Vote counting is under way in Myanmar following Sunday's general election, with Aung San Suu Kyi expected to win comfortably.
Millions voted in the election, just the second since military rule ended in 2011.
Ms Suu Kyi won the last election with a landslide victory and entered into a power-sharing agreement with generals who still hold huge power.
The results of the election are not expected until at least Monday.
Late on Sunday thousands of her supporters gathered outside her party's headquarters waving flags and chanting.
Despite Ms Suu Kyi's popularity, the Nobel Prize winner and global icon has dramatically fallen from grace internationally for her response to the Rohingya crisis.
Hundreds of thousands of Muslim Rohingyas fled an army crackdown in 2017 in what the UN described as ethnic cleansing. The army in Myanmar said it was targeting militants.
Observers have questioned the credibility of the election because of the disenfranchisement of virtually all Rohingya. Voting was cancelled in large parts of conflict-hit states including Rakhine, Shan and Kachin - home to many ethnic minorities - as officials cited security concerns.
Ms Suu Kyi, 75, cast her ballot last week when the country held advance voting for the elderly in a bid to protect them against the coronavirus.

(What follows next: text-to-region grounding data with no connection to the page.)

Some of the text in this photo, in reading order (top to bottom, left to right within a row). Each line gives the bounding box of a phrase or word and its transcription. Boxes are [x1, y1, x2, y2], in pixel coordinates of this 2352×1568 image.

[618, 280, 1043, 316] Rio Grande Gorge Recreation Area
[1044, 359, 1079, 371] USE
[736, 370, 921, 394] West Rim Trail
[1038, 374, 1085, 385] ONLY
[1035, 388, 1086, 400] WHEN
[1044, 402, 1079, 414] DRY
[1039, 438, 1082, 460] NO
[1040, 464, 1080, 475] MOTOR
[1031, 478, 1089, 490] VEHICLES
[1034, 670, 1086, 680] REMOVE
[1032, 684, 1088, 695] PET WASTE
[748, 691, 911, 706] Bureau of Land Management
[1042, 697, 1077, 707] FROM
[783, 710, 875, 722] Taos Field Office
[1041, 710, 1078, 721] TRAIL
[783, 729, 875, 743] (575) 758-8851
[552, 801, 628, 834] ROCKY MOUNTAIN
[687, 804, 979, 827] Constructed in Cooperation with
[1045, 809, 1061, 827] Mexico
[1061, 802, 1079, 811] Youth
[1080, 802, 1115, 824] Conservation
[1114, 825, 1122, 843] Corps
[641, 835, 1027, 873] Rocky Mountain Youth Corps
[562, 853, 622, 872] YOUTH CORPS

The main challenger to her National League for Democracy (NLD) party is the military-backed Union Solidarity and Development Party, which along with 23 other opposition parties had called for the vote to be postponed because of a surge in Covid-19 cases.

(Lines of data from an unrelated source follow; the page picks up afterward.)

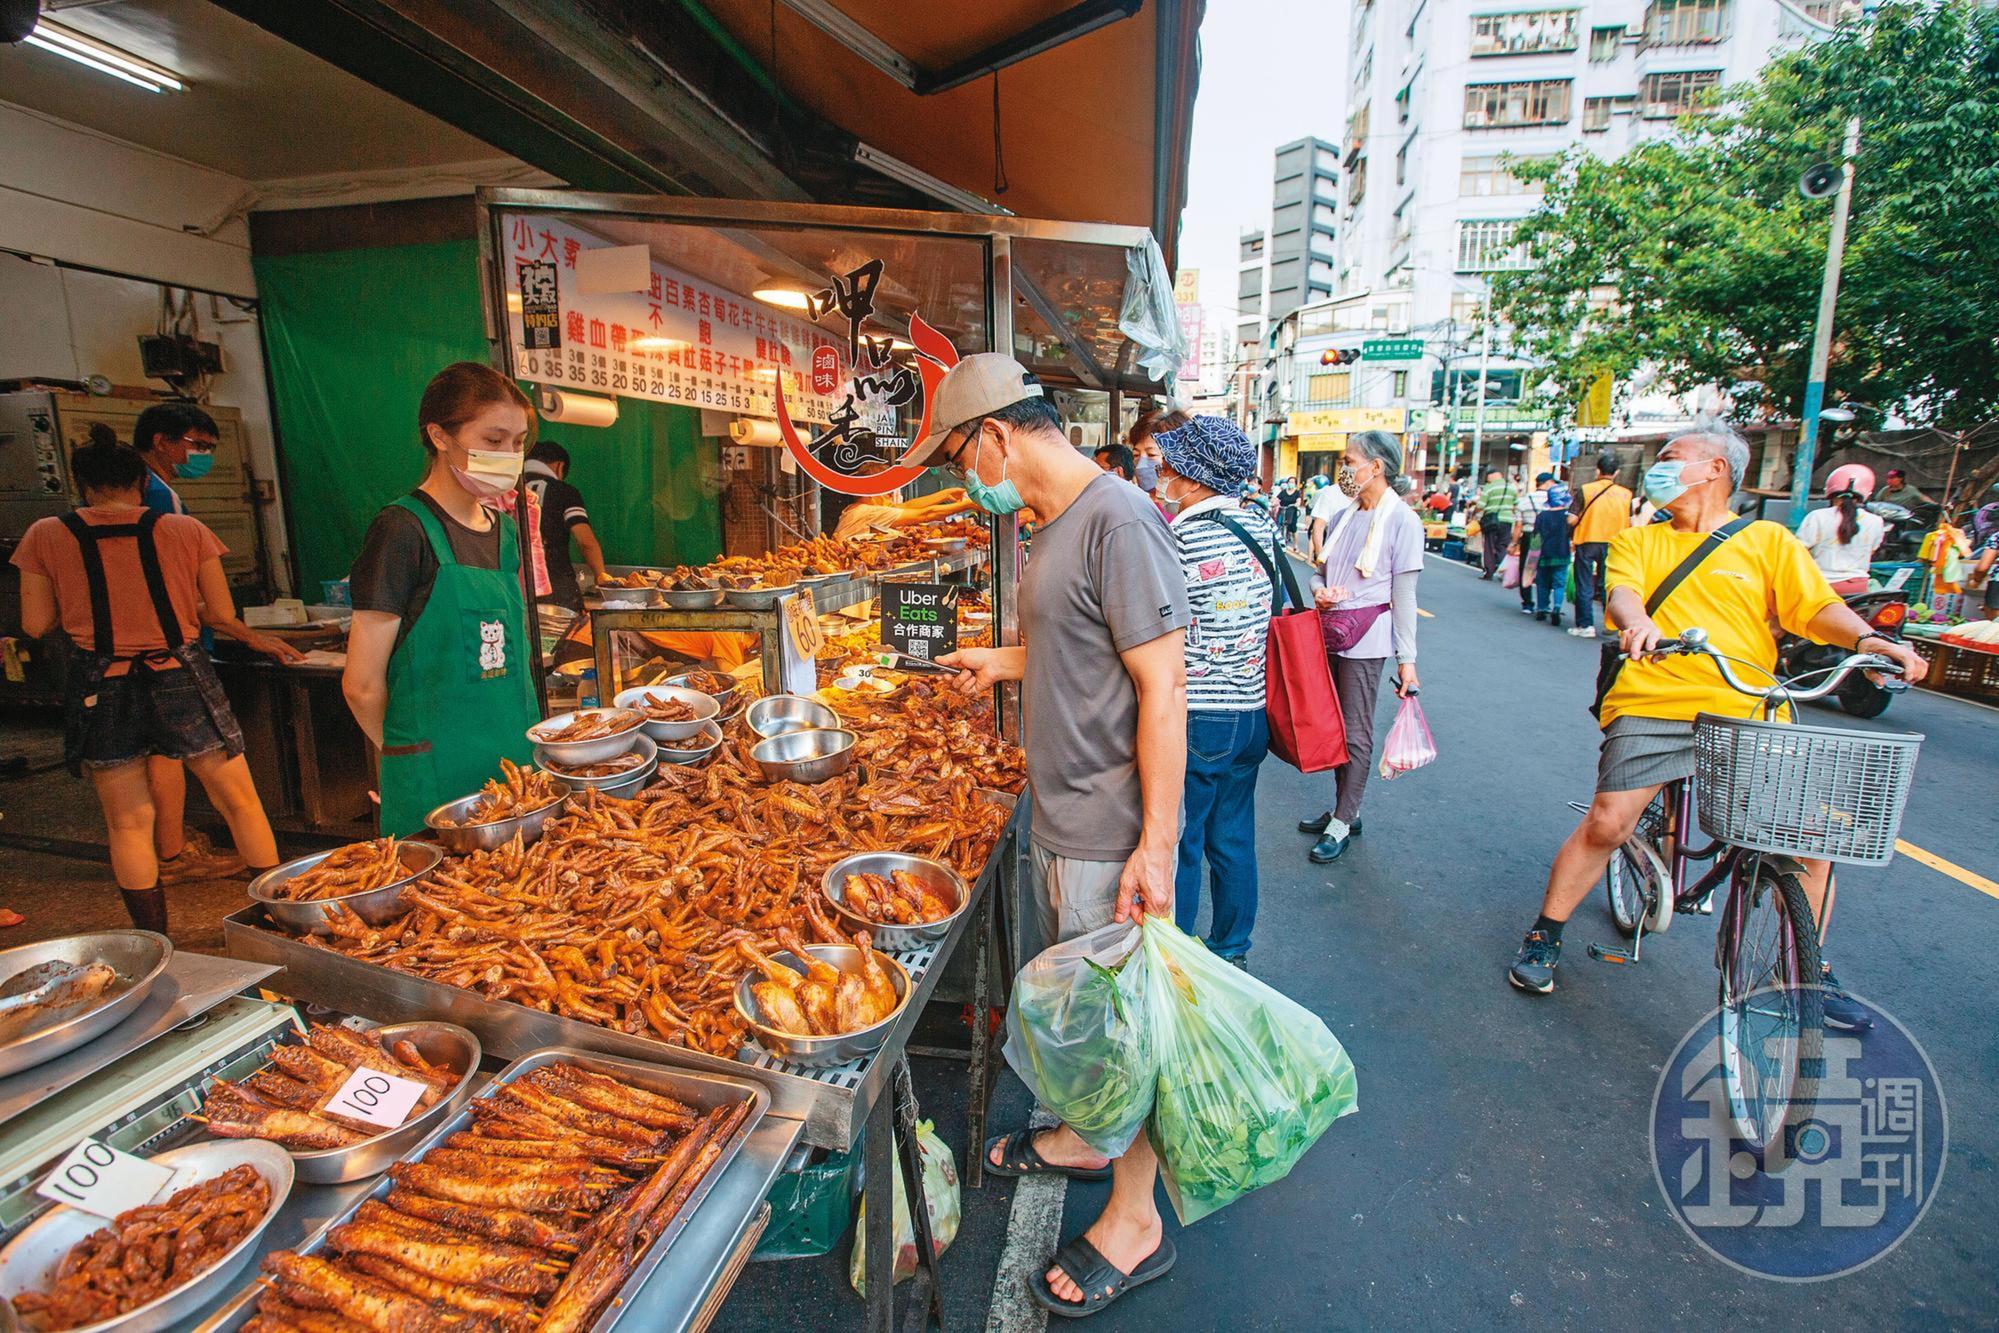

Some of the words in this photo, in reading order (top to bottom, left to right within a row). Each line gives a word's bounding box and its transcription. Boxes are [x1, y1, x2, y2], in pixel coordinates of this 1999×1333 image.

[814, 354, 836, 389] 滷味
[545, 361, 563, 378] 35
[569, 365, 586, 382] 35
[591, 369, 608, 387] 35
[612, 373, 628, 389] 20
[632, 378, 647, 393] 50
[651, 380, 664, 395] 20
[668, 384, 681, 399] 25
[685, 387, 697, 401] 20
[701, 390, 712, 404] 15
[715, 393, 727, 406] 25
[731, 395, 741, 408] 15
[876, 414, 888, 422] JA
[876, 426, 894, 434] PIN
[876, 438, 908, 447] SHAIN
[900, 590, 938, 605] Uber
[900, 605, 938, 621] Eats
[796, 615, 817, 653] 60
[893, 623, 945, 639] 合作商家
[858, 669, 872, 678] 30
[342, 1076, 391, 1116] 100
[53, 1142, 115, 1201] 100

But in an October broadcast Ms Suu Kyi said the election was "more important than Covid". She has urged people to vote as she tries to defend her party's absolute majority.
Polls opened at 06:00 local time (00:00 GMT) and closed at 16:00 (10:00 GMT), though people still queuing to cast their ballots at that time were allowed to vote.

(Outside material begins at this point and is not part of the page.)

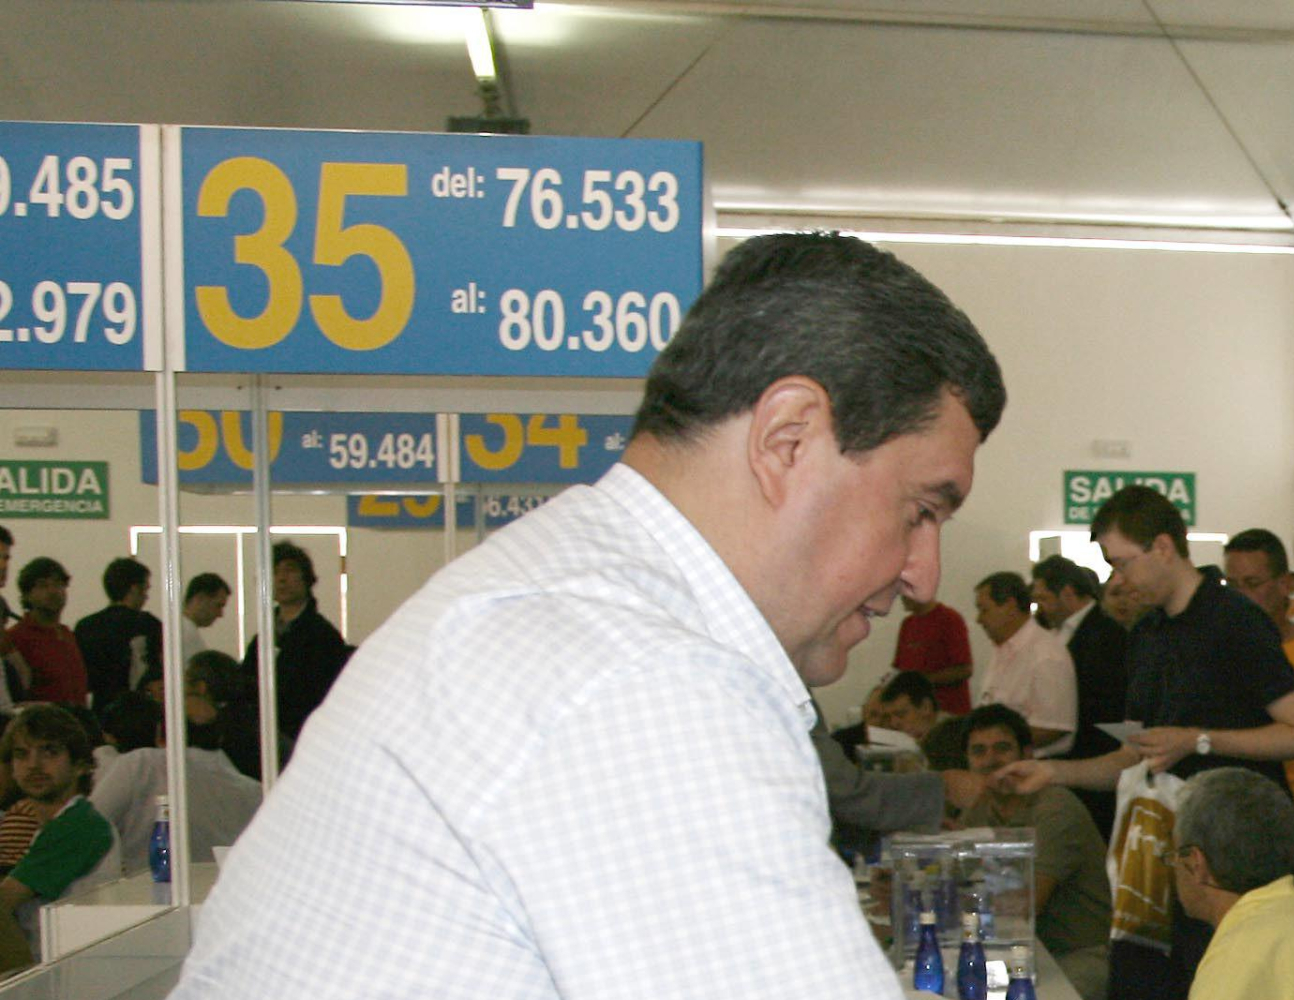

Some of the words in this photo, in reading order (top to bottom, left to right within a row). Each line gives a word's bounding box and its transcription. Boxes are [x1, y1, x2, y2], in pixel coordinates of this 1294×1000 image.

Why can't the Rohingya vote?
Myanmar's minority Rohingya population was stripped of voting rights ahead of the 2015 general election after the temporary documents many held were invalidated.
More than 740,000 have fled to neighbouring Bangladesh since the 2017 army crackdown, but several hundred thousand still live in western Rakhine state.
In September the UN human rights investigator to Myanmar said the election would fail to be free and fair because of the disenfranchisement of the mostly Muslim minority.
The Rohingya, who trace back their ancestry in Rakhine for centuries, are described as one of the world's most persecuted minorities.
But the government of Buddhist-majority Myanmar does not recognise the word Rohingya, denies the minority citizenship and derides them as "illegal immigrants" from Bangladesh.
In January the UN's top court ordered the country to take measures to protect the Rohingya from genocide.
Ms Suu Kyi has rejected the genocide accusations while saying that war crimes may have been committed.
Earlier this year six of at least a dozen Rohingya who applied to run as candidates in the election were barred from standing.